People have terrific memories: new study
p2pnet news view | Off Topic:- People have amazing memories.
And that’s official.
In a study which ranks right up there with the one which concluded mice become alcoholics if you pump endless streams of alcohol into them, and another which found beagles develop chronic respiratory problems if you strap masks to their faces which force them to smoke cigarettes, “A new study found the brain can remember a lot more than previously believed,” says LiveScience.com.
It doesn’t say who’d previously believed what but, “In a recent experiment, people who viewed pictures of thousands of objects over five hours were able to remember astonishing details afterward about most of the objects,” it says, quoting a project funded by the National Science Foundation, National Institutes of Health, a National Defense Science and Engineering Graduate Fellowship, and a National Research Service Award.
“In the experiment, 14 people ranging from age 18 to 40 viewed nearly 3,000 images, one at a time, for three seconds each,” It says. “Afterwards, they were shown pairs of images and asked to select the exact image they had seen earlier.”
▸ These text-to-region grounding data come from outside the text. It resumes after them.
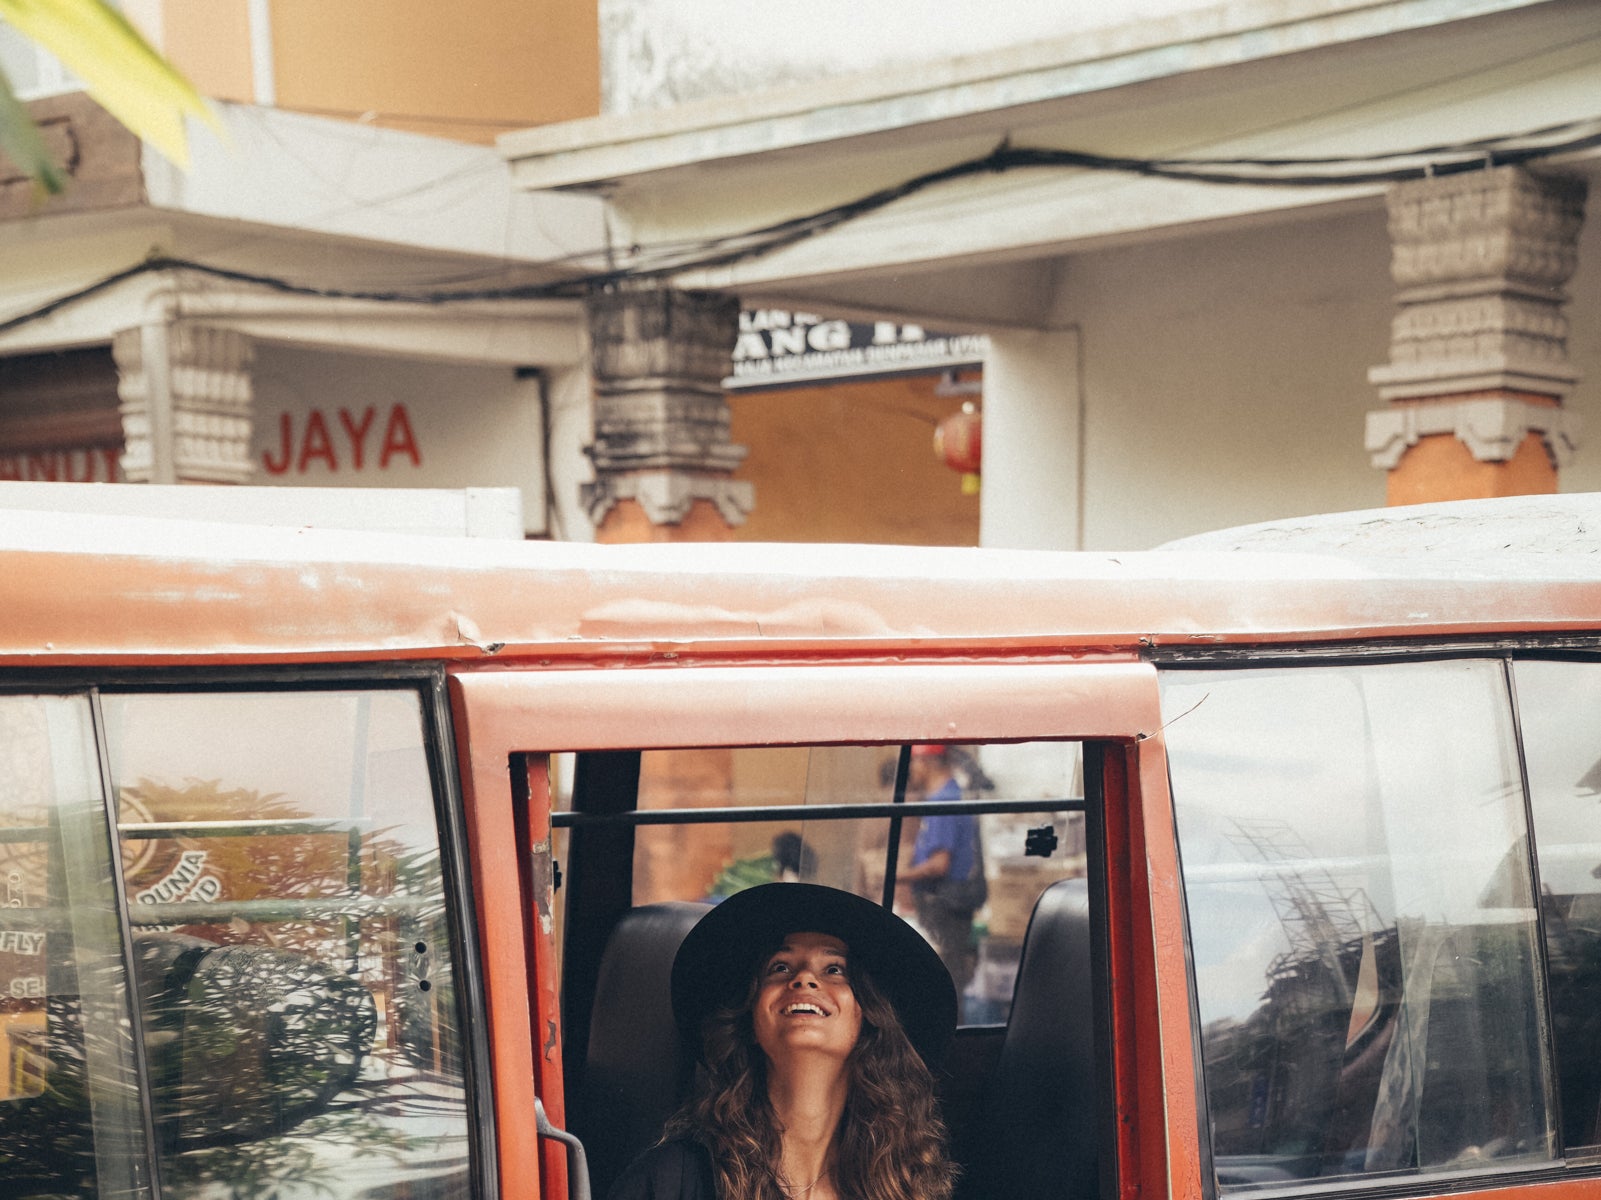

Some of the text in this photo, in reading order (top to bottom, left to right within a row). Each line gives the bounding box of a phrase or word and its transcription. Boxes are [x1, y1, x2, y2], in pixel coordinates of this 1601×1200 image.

[263, 402, 421, 475] JAYA
[137, 850, 207, 904] DUNIA
[0, 930, 46, 954] FLY
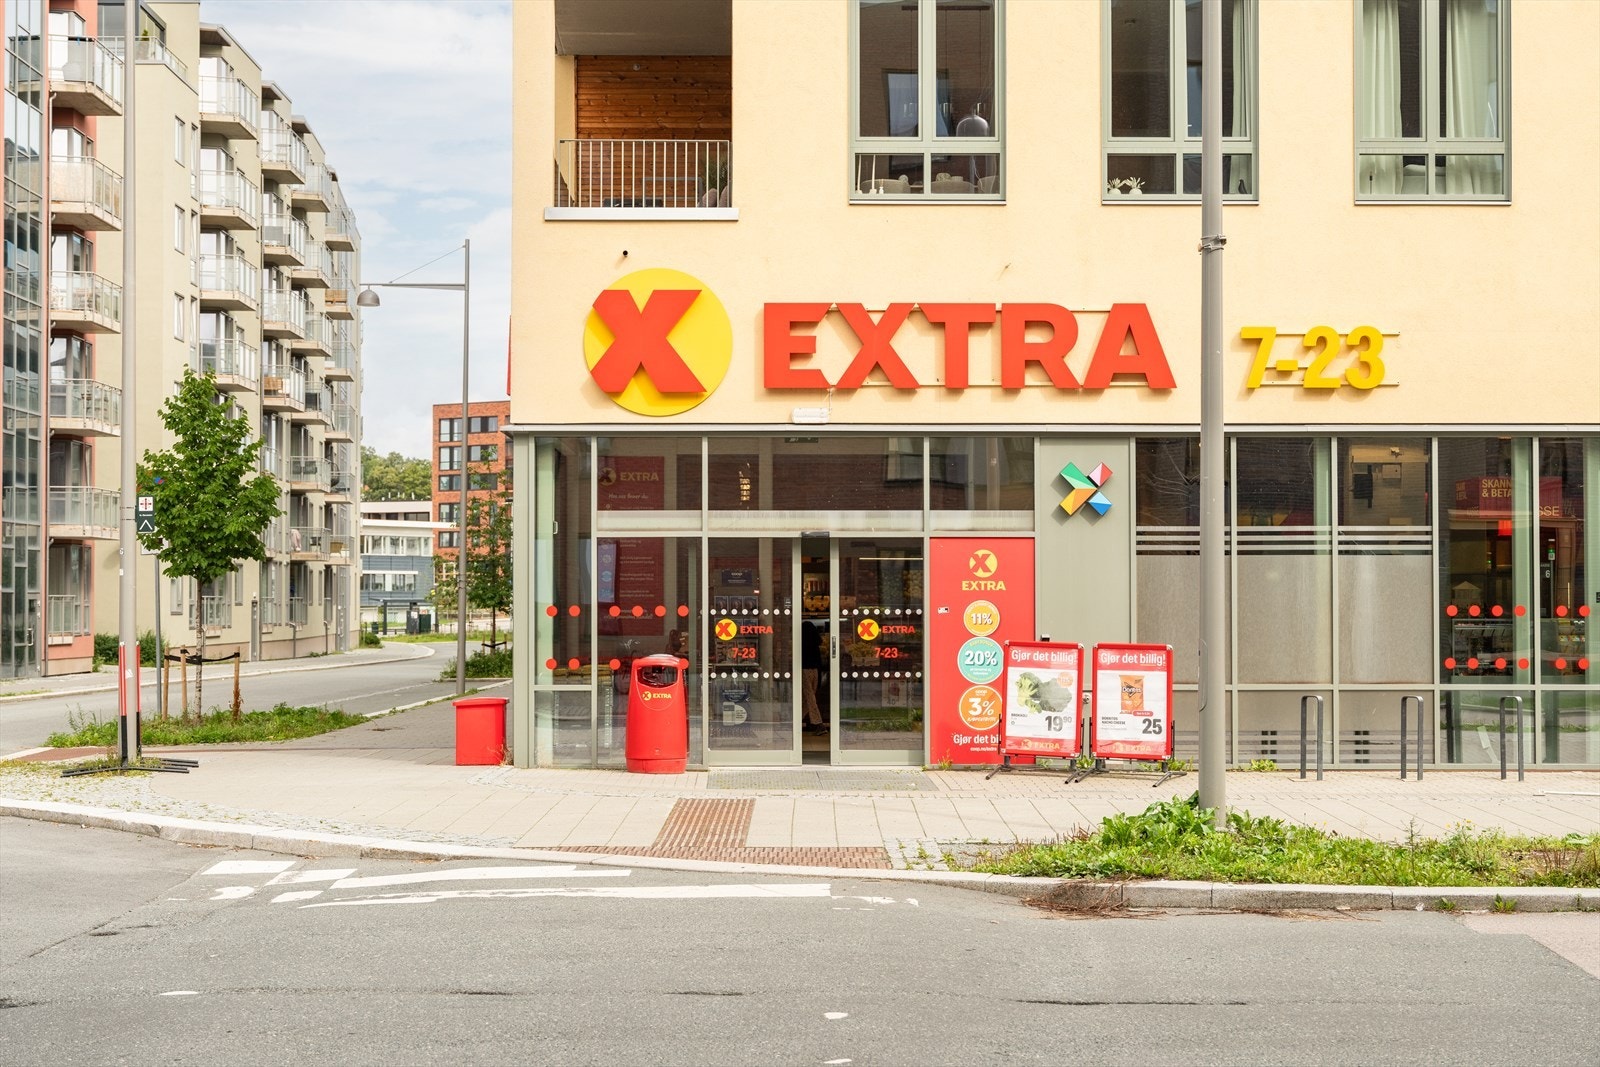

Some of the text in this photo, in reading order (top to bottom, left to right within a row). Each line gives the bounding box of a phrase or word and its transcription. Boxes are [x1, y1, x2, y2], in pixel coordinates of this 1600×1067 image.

[590, 289, 1176, 393] X EXTRA
[1240, 325, 1385, 389] 7-23
[620, 471, 659, 481] EXTRA
[1481, 488, 1489, 498] &
[1545, 569, 1551, 578] 6
[962, 580, 1006, 591] EXTRA
[971, 613, 993, 625] 11%
[740, 625, 773, 634] EXTRA
[882, 625, 915, 634] EXTRA
[732, 647, 756, 659] 7-23
[874, 647, 898, 659] 7-23
[964, 650, 998, 666] 20%
[1011, 649, 1077, 664] Gjør det billig!
[1100, 652, 1166, 667] Gjør det billig!
[968, 697, 995, 716] 3%
[1142, 718, 1163, 735] 25
[953, 734, 971, 746] Gjør
[974, 735, 989, 744] det
[1034, 742, 1060, 750] EXTRA
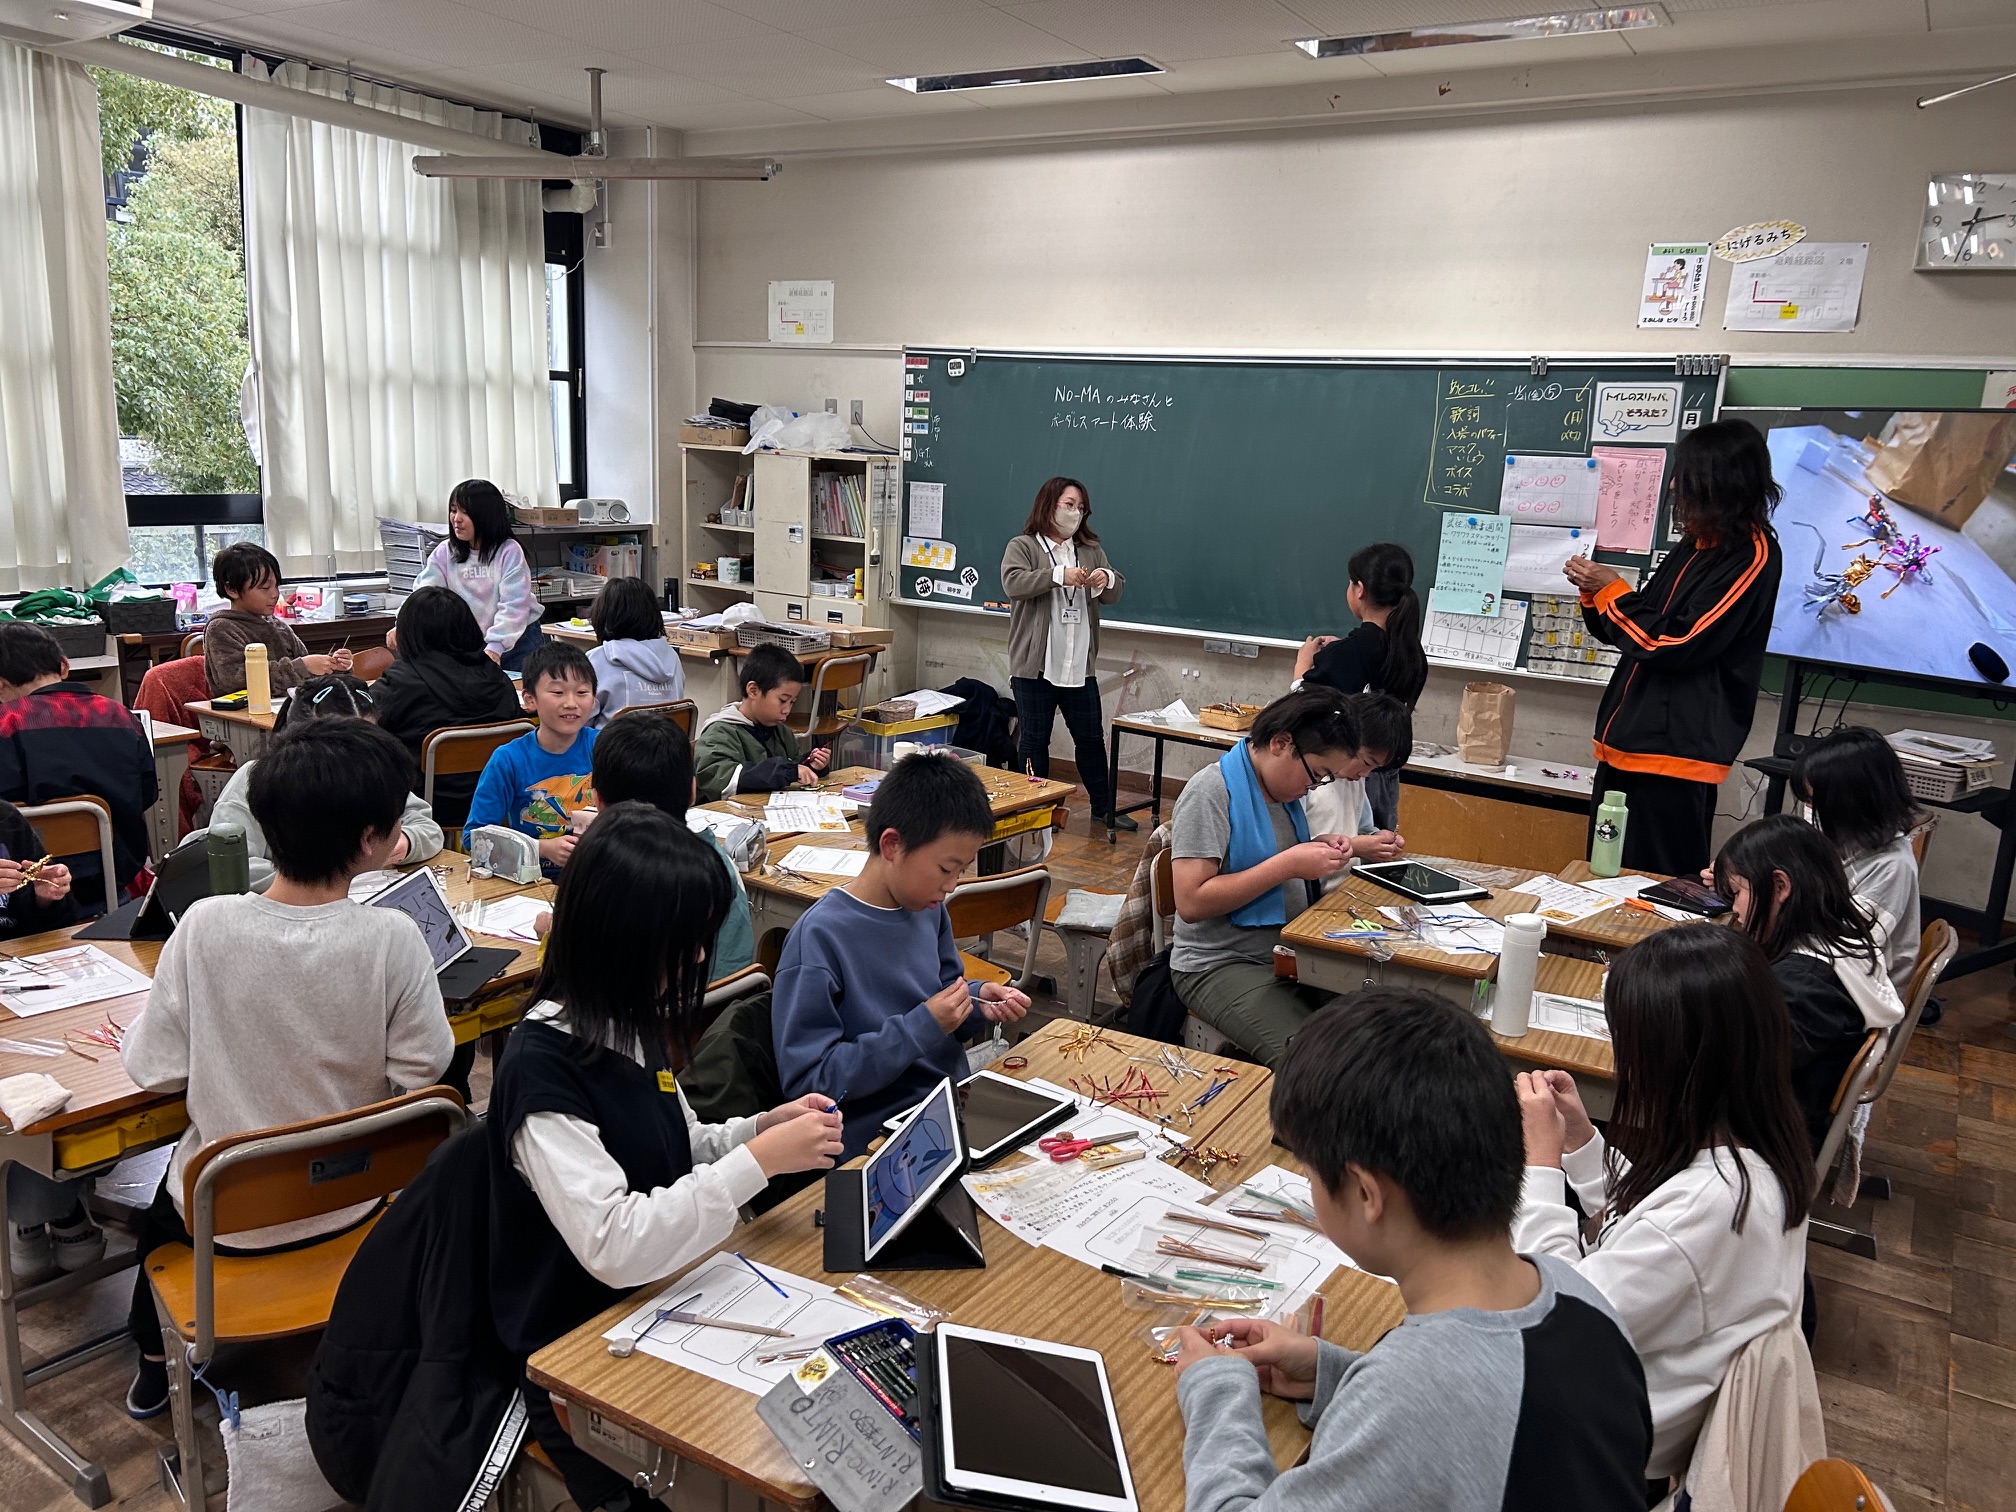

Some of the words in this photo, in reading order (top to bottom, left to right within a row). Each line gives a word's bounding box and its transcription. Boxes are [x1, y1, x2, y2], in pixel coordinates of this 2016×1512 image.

[1974, 181, 1986, 194] 12
[1932, 215, 1942, 227] 9
[2007, 214, 2016, 228] 3
[1728, 229, 1791, 251] にげるみち
[1963, 249, 1972, 261] 6
[1685, 412, 1697, 425] 月
[962, 568, 977, 586] 宿
[916, 578, 931, 594] 持
And guess what? Lots of people remembered lots of images and details associated with them.
So, “now that we know the brain’s memory is so fantastic, are we all out of excuses for forgetting friends’ birthdays?” wonders the story.
“Luckily not,” it has study leader Aude Oliva saying.
“To some extent it’s about attention, actively encoding specific details into memory,” he told LiveScience. “If we tried really hard we actually could remember when someone’s birthday was: if you say to yourself, ‘The birthday is on this day and that relates to these other things that I remember’.”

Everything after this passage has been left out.